Copy number polymorphisms
- Pathogenicity of CNVs is dependent on the gene content or position of breakpoints/insertion sites within or near genes and regulatory elements.
- > 1% in general population
- Inherited from an unaffected parent (unless reduced penetrance etc)
- Functional redundancy= due to additional or related copies outside of imbalanced region that can compensate
What are euchromatic variants
- Variation of regions containing genes or pseudogenes, which are polymorphic and present in general population. Usually duplications
- e.g. var(9)dup(9)(q13q21.12) or var(9)del(9)(q13q21.12)
Repeat sequence polymorphisms
- 50% genome consists of repeated sequence
- Most are interspersed (across the genome, e.g. transposable elements), rather than clustered (e.g. tandem repeats)
What are transposable elements
- Units of DNA that move within the genome
- Retrotransposons: replicate themselves prior to transposition (copy and paste)
- DNA transposons: transpose without replication (cut and paste)
Accumulation of transposition events over evolution results in what
- Repetitive sequences of DNA interspersed throughout the genome.
- 45% genome
What is the most common transposable element
-Most common is the Alu sequence (SINE)
- SINEs= Short interspersed nuclear elements.

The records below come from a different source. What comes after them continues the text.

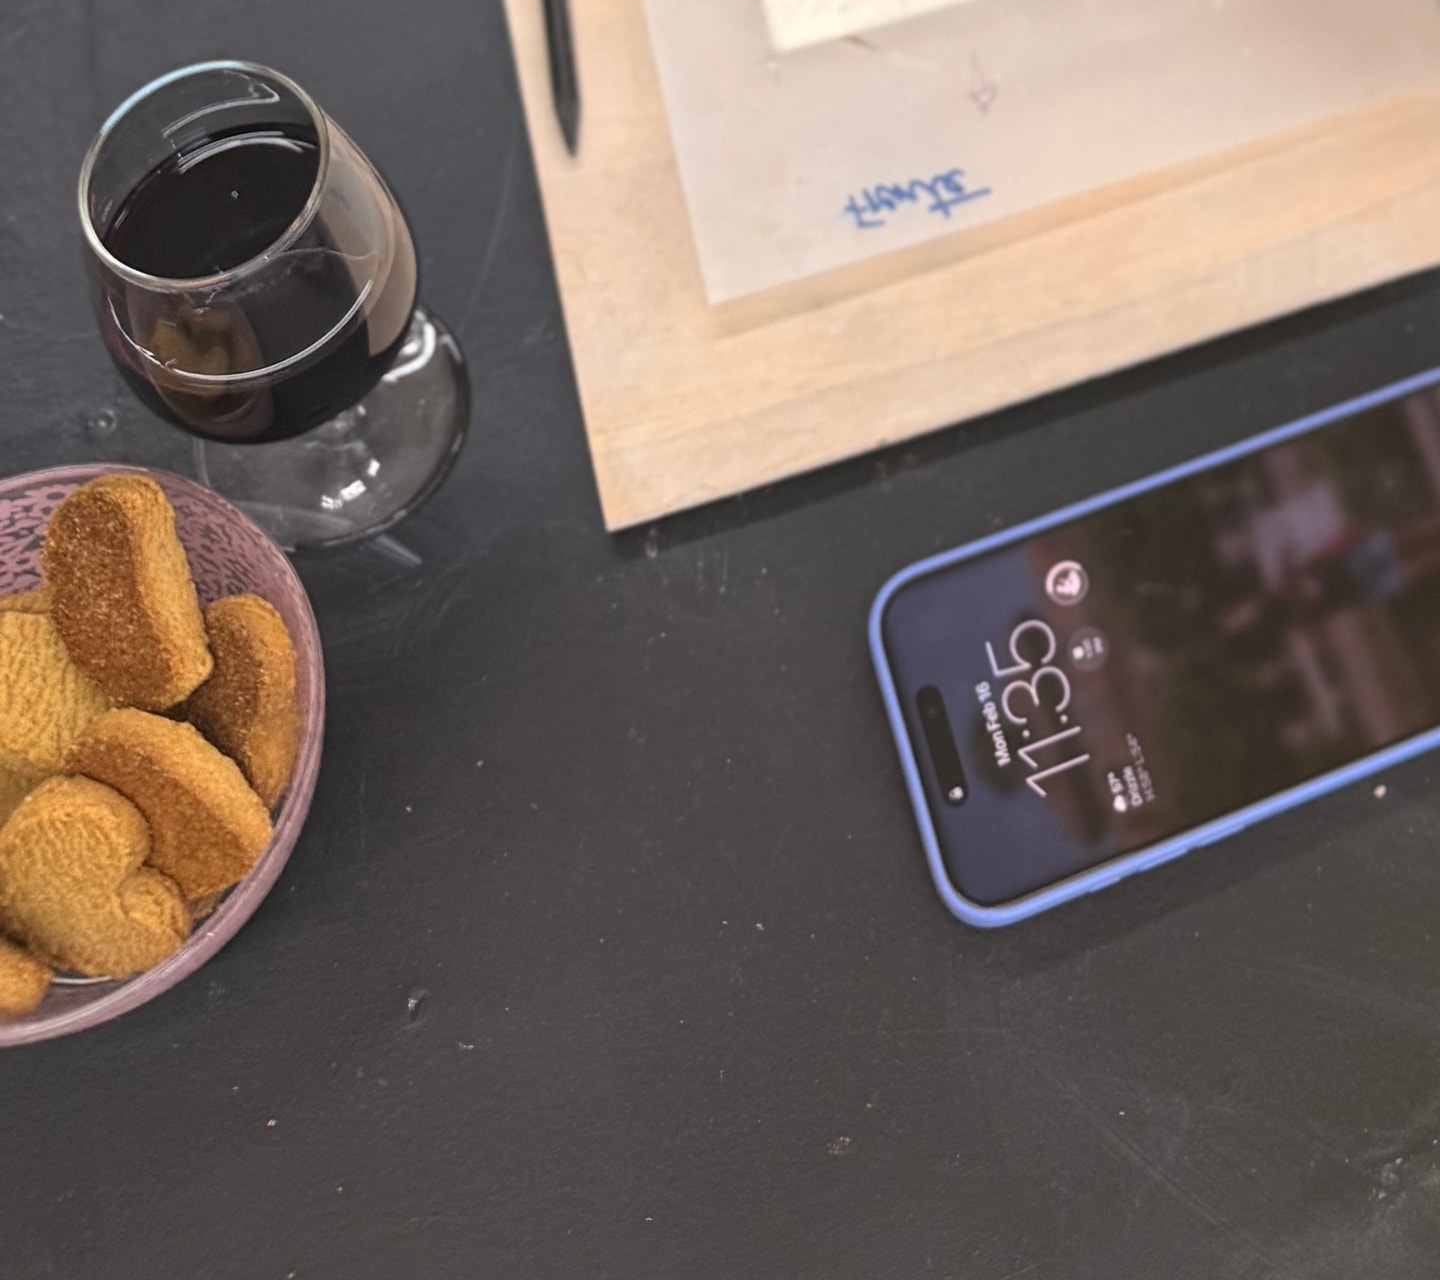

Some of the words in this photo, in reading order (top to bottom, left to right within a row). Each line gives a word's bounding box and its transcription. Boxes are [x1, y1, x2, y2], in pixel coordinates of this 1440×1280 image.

[975, 681, 992, 703] 16
[984, 619, 1090, 797] 11:35
[982, 701, 1001, 732] Feb
[992, 730, 1011, 767] Mon
[1123, 765, 1143, 807] Drizzle

- LINEs= Long interspersed nuclear elements
How can transposable elements cause disease
- Disrupt gene function by insertion into coding region
- Homologous recombination between elements can induce structural chromosomal rearrangements.
What are variable number tandem repeats (VNTR)
- Satellite DNA
- Units of DNA sequence which are replicated and located adjacent to each other.